I’ve always been of the mindset that I am lazy, unmotivated, complacent. It is true I have been all of those things. It is also true that I have been using that as a blanket statement to areas of my life that it doesn’t fully apply to. Like motherhood.
I won’t beat myself up with the term ‘lazy mom’ any more. Ever since I read this article, How to Overcome Your Own Laziness, I’ve changed my views.
The first question the article asks is, ‘are you really lazy? or are you overwhelmed?’. How many of us moms feel this smashed up combination of both of these?
The reality of being a mom is that there is just so, so much to get done. Housework, errands, meal planning, intentional parenting, friends, kid activities, staring into your husband’s eyes, pinning cute outfits, self-improvement, your hobbies, making waffles, driving places and answering 78 questions on icicles (and you know I could make this list a few paragraphs longer, but you get it). Sometimes all of this is trumped by a sick child or that special toddler skill of repeatedly losing shoes they JUST HAD IN THEIR HANDS LIKE ONE SECOND AGO!

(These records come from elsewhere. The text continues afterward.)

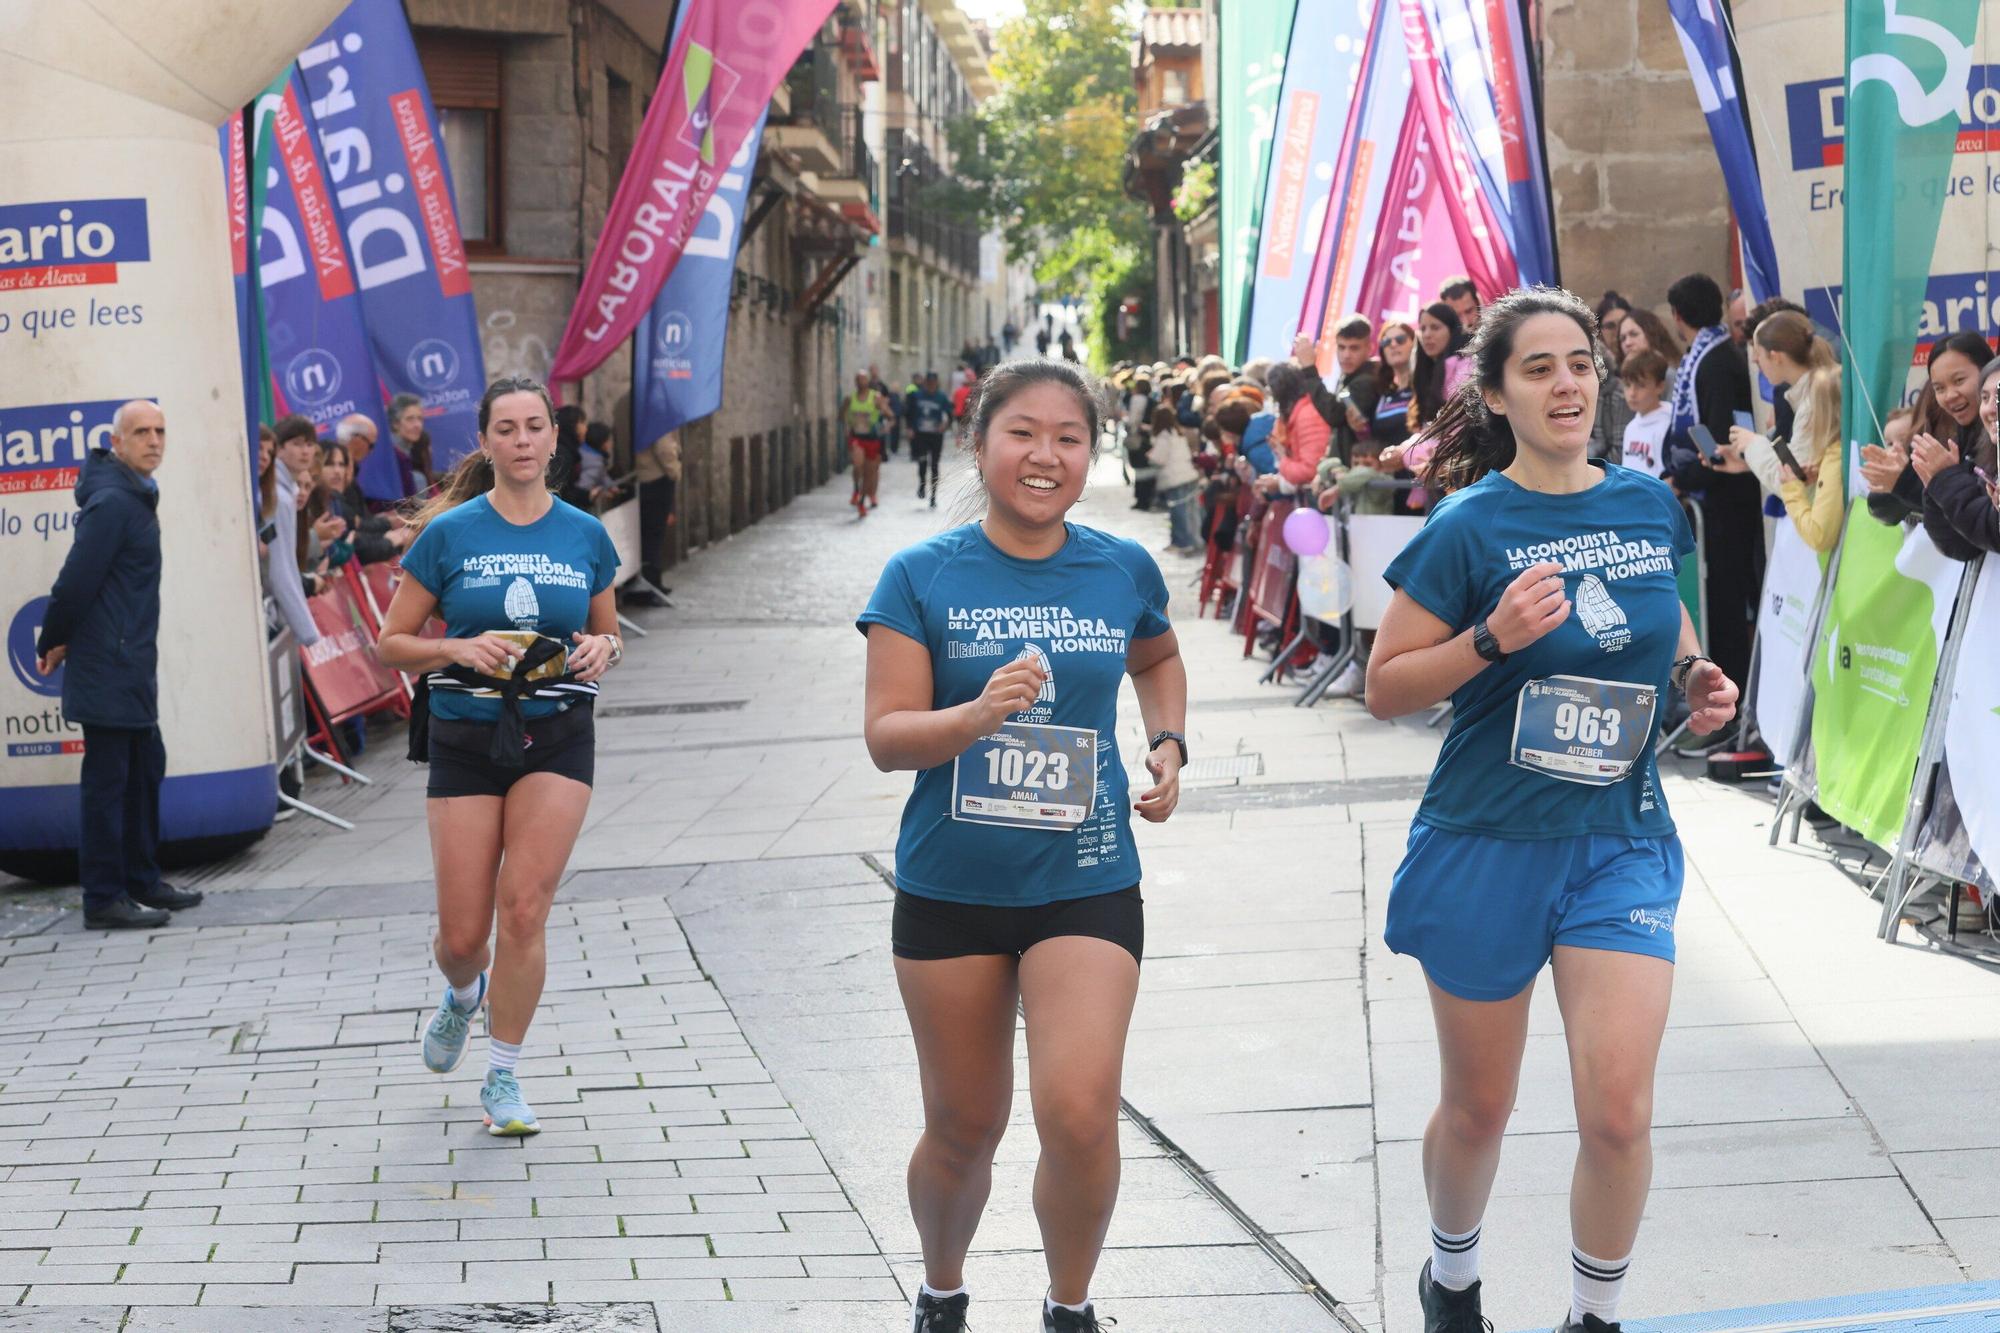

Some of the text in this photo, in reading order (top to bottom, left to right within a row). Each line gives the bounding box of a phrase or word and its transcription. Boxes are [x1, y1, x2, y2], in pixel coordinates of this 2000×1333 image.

[584, 159, 700, 342] LABORAL
[19, 272, 36, 287] de
[39, 266, 87, 286] Álava
[22, 308, 76, 339] que
[89, 298, 143, 326] lees
[30, 475, 48, 489] de
[1, 508, 21, 536] lo
[1506, 530, 1621, 562] LA CONQUISTA
[464, 554, 550, 566] LA CONQUISTA
[1509, 561, 1525, 570] DE
[482, 562, 575, 577] ALMENDRA
[1606, 556, 1674, 582] KONKISTA
[534, 574, 588, 590] KONKISTA
[948, 606, 1073, 622] LA CONQUISTA
[948, 618, 1126, 641] DE LA ALMENDRA REN
[1597, 627, 1632, 640] VITORIA
[959, 640, 1004, 658] Edición
[1050, 638, 1126, 654] KONKISTA
[1599, 636, 1632, 649] GASTEIZ
[1635, 694, 1650, 705] 5K
[1017, 714, 1051, 724] GASTEIZ
[1553, 702, 1621, 747] 963
[16, 744, 53, 755] GRUPO
[1076, 737, 1089, 748] 5K
[1566, 745, 1604, 758] AITZIBER
[984, 747, 1070, 791] 1023
[1010, 790, 1039, 802] AMAIA

So here we are with an overflowing list of things to do and we beat ourselves up when we can’t do it all. We feel unproductive and frustrated at everyone’s demands. Maybe a martyr and resentful that nobody is helping out. Possibly a struggling perfectionist with unrealistic expectations and we label ourselves lazy. #lazymomsunite
I know I’m not a lazy mom, but at the end of the day, that is how I feel. I can mom it up all day long. Like I’m in.the.game, I’m tossing around snacks, answering questions about icicles, looking over whenever I hear, ‘watch this’, bringing out all the fun crafts, instagramming all the cute stuff they do. Then I make dinner, Conor comes home, we put the kids to bed and cuddle up on the couch. Suddenly I’m sitting thinking of all the things that STILL need to get done. Every moment of my ‘down time’ has a variety of options vying for it, even the little snippets I try to enjoy throughout the day #instagramcoffeebreak. So here I am at the end of the night and this menacing to-do list pops up in my head. I could do laundry, work out (ha!), write, prep some cooking, email an old friend, eat the rest of the waffles, read one of my many half-finished books. Instead I just want to sit here beside my cool husband while we laugh at a tv show of lives better and funnier than ours. Suddenly my only down time is held hostage by the notion that I am lazy for just relaxing. Which is the definition of down time!

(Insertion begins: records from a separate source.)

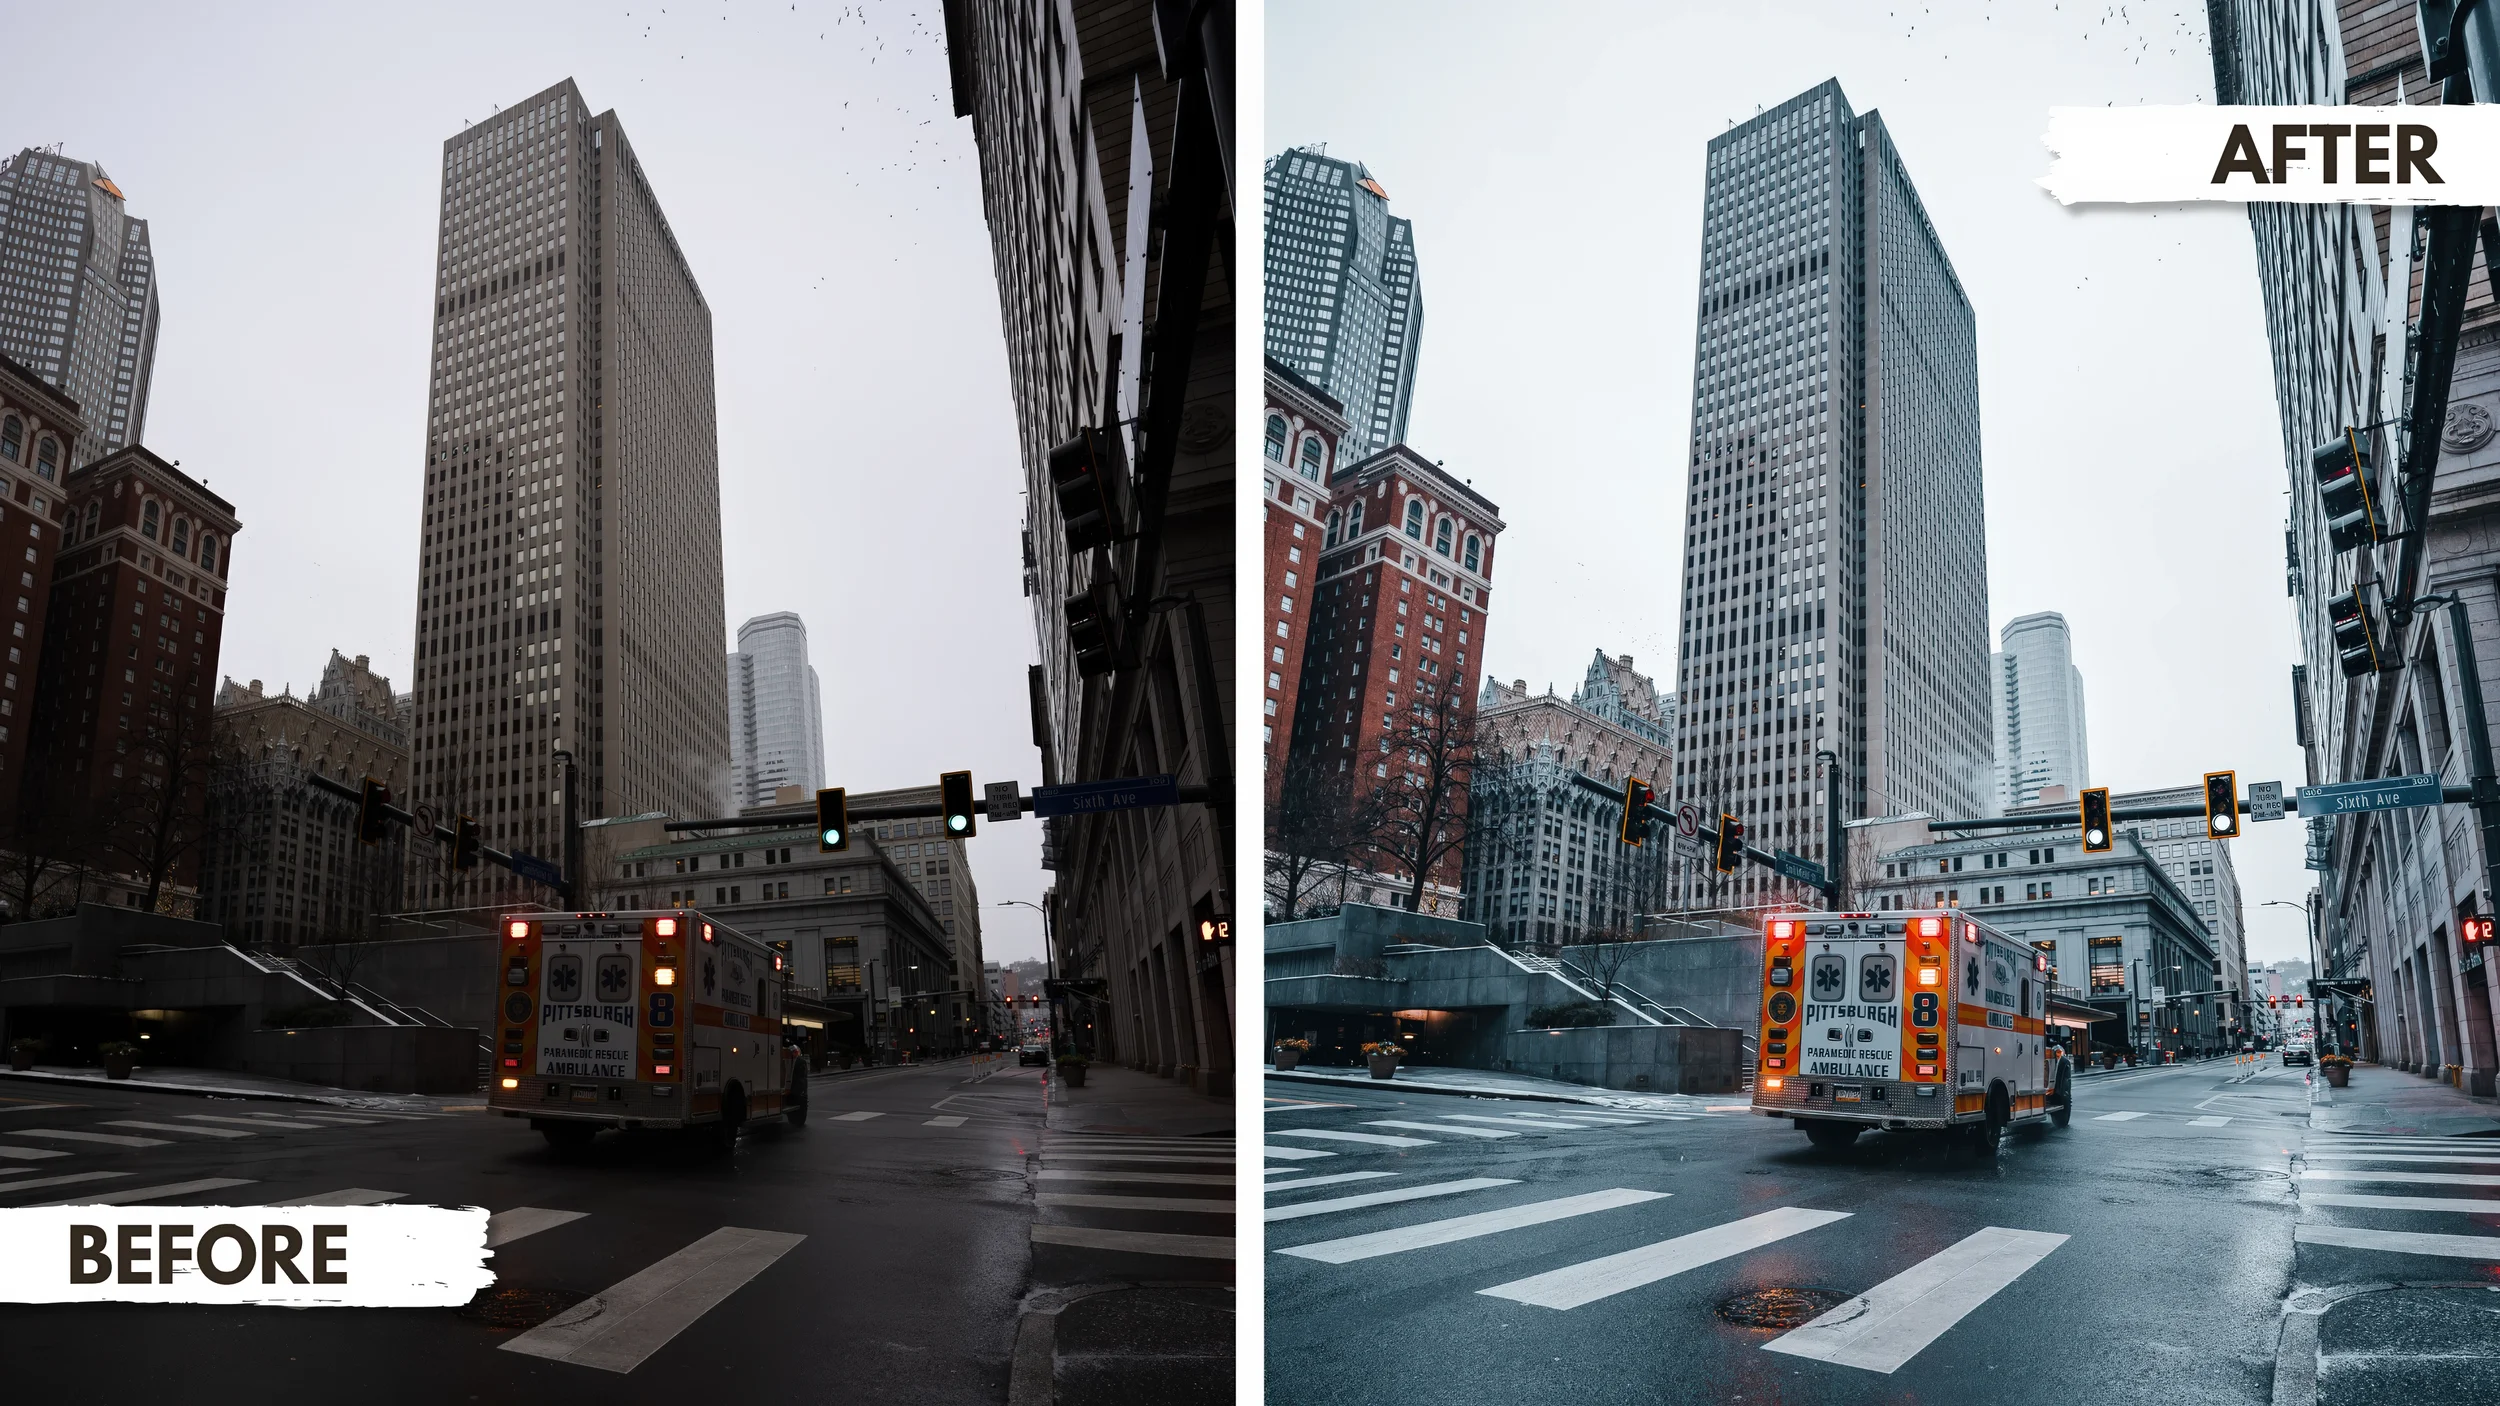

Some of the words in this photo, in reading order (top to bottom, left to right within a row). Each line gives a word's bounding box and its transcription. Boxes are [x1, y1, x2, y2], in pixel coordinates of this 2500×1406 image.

[2258, 785, 2272, 793] NO
[1072, 794, 1106, 810] Sixth
[1113, 793, 1136, 806] Ave
[2252, 803, 2263, 811] ON
[2336, 794, 2370, 810] Sixth
[2376, 793, 2400, 806] Ave
[1217, 921, 1229, 938] 12
[2481, 921, 2493, 938] 12
[542, 1004, 634, 1029] PITTSBURGH
[648, 992, 675, 1028] 8
[1806, 1004, 1898, 1029] PITTSBURGH
[1911, 992, 1939, 1028] 8
[544, 1048, 593, 1060] PARAMEDIC
[595, 1050, 629, 1061] RESCUE
[1807, 1047, 1857, 1060] PARAMEDIC
[1859, 1050, 1893, 1061] RESCUE
[546, 1062, 626, 1078] AMBULANCE
[1809, 1062, 1889, 1078] AMBULANCE

Maybe there are some moms out there who feel on top of all the things before them….goooooood for them! But really, good for them. I personally don’t believe in ‘balance’ in motherhood. I believe in life seasons that come and go with their own difficulty rating, undergarment requirements and life lessons. I believe that this overflowing list of demands in a limited space of time and resources is God’s way of making us choose. We have the luxury and responsibility to regularly choose the things most important to our family, our marriage, ourselves.
We must choose how we spend our days. We must consistently choose and commit. It is opportunity cost, our choices have a cost attached to them. Sometimes moms put themselves in this transaction and often cost their own time and resources. Because we don’t want to be lazy. Because there IS so much to do! Because how does everyone else make this look so easy and get it all done!? I’ve been to the end of google and back looking for this answer. No, really, I used to google this when I first had two kids under two. I thought there was some secret club of together moms who had all the tips and tricks I would need to get my ish together.

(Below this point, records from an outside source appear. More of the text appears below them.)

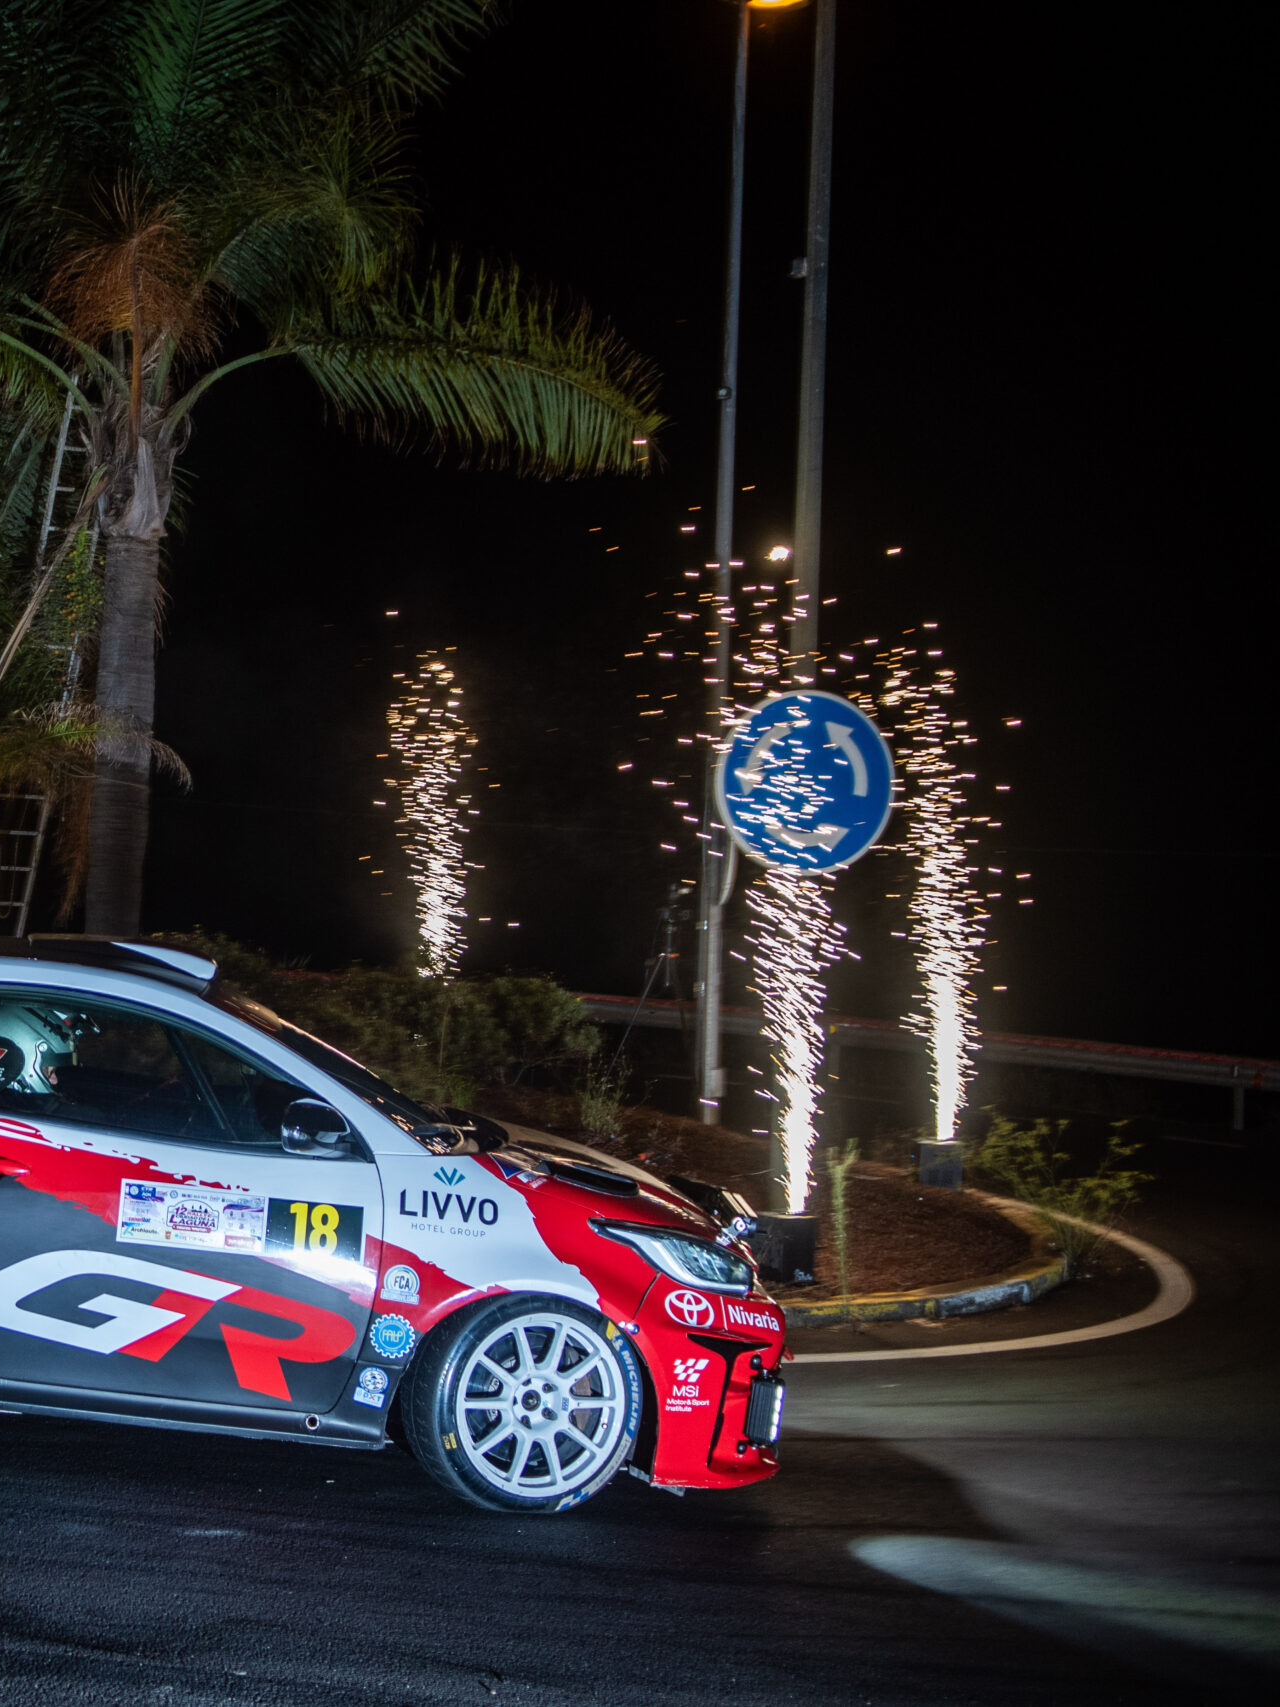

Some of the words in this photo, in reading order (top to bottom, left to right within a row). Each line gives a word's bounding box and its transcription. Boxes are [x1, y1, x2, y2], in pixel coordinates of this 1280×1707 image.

[169, 1213, 216, 1228] LAGUNA
[399, 1188, 499, 1226] LIVVO
[289, 1202, 340, 1254] 18
[411, 1222, 445, 1234] HOTEL
[450, 1226, 486, 1238] GROUP
[393, 1275, 410, 1290] FCA
[727, 1304, 781, 1332] Nivaria
[620, 1350, 638, 1431] MICHELIN

Then I just started choosing. I would write down all the things that were taking up space on my mental to do list. (It’s called a brain dump) – then I would pick three(ish) things to do that day.
Somedays I do all the housework. Somedays I do nothing but the creative things I’m passionate about. Somedays I cook all day long, even include my kids! (code, they do lots of stirring and I do lots of sweeping. Measuring cups are just for show, eat at your own risk). Somedays we have frozen peas and potato chips for dinner. Some nights I sit around unfolded laundry and just laugh with my husband. Some nights we get the whole house cleaned. Sure, some things make me feel more productive than others, but I can’t neglect the things I enjoy, I can’t hold this label of ‘lazy’ over my own head, or I will never have some peace in rest.
My mental to-do list will never be completed, and I can’t feel like a Lazy Mom for that.
So let’s give up this Lazy Mom label. There is no perfect balance. Life swells and shrinks with demands, limits and opportunities. Moms can enjoy downtime without being ‘lazy’. Moms need downtime. It makes us better moms because it reminds us that we are more than our to-do list. We are creative, passionate women with hobbies and talents and accumulating Netflix watch lists!!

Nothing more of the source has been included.